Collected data
= = = = =

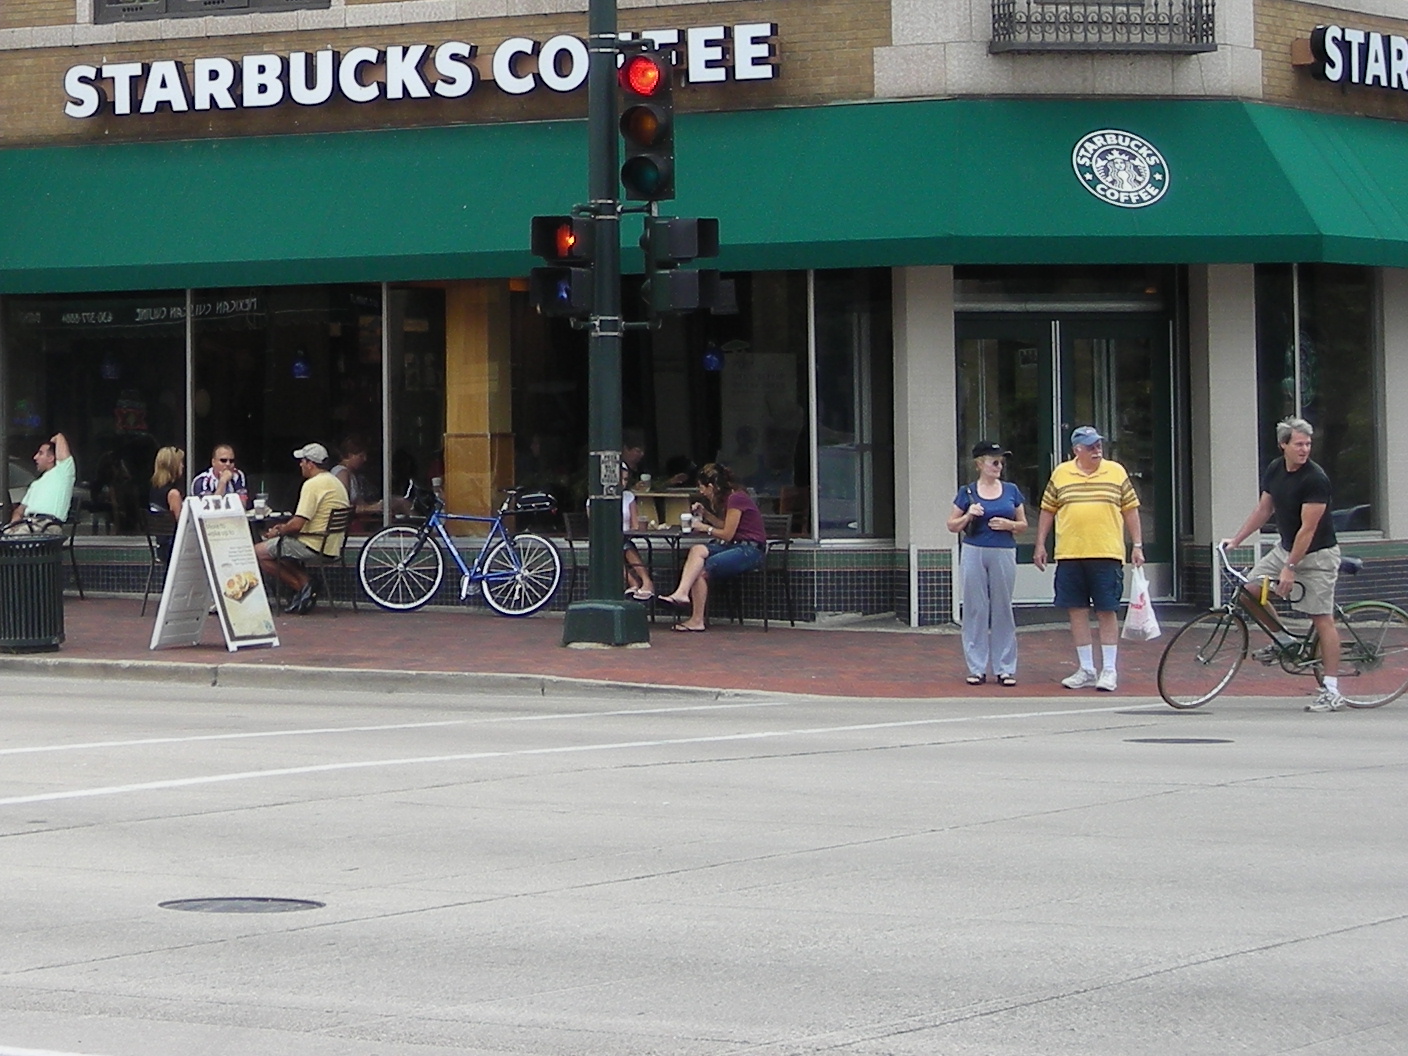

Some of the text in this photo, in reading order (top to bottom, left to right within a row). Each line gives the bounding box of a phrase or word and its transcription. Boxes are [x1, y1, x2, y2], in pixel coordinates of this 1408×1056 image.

[63, 40, 476, 119] STARBUCKS
[493, 22, 774, 95] COEE
[1325, 25, 1408, 91] STAR
[1076, 133, 1160, 166] STARBUCKS
[1095, 183, 1160, 204] COFFEE

= = = = =

Set down the entries above exactly, and keep every picture out of your copy.

Result:
Some of the text in this photo, in reading order (top to bottom, left to right within a row). Each line gives the bounding box of a phrase or word and its transcription. Boxes are [x1, y1, x2, y2], in pixel coordinates of this 1408×1056 image.

[63, 40, 476, 119] STARBUCKS
[493, 22, 774, 95] COEE
[1325, 25, 1408, 91] STAR
[1076, 133, 1160, 166] STARBUCKS
[1095, 183, 1160, 204] COFFEE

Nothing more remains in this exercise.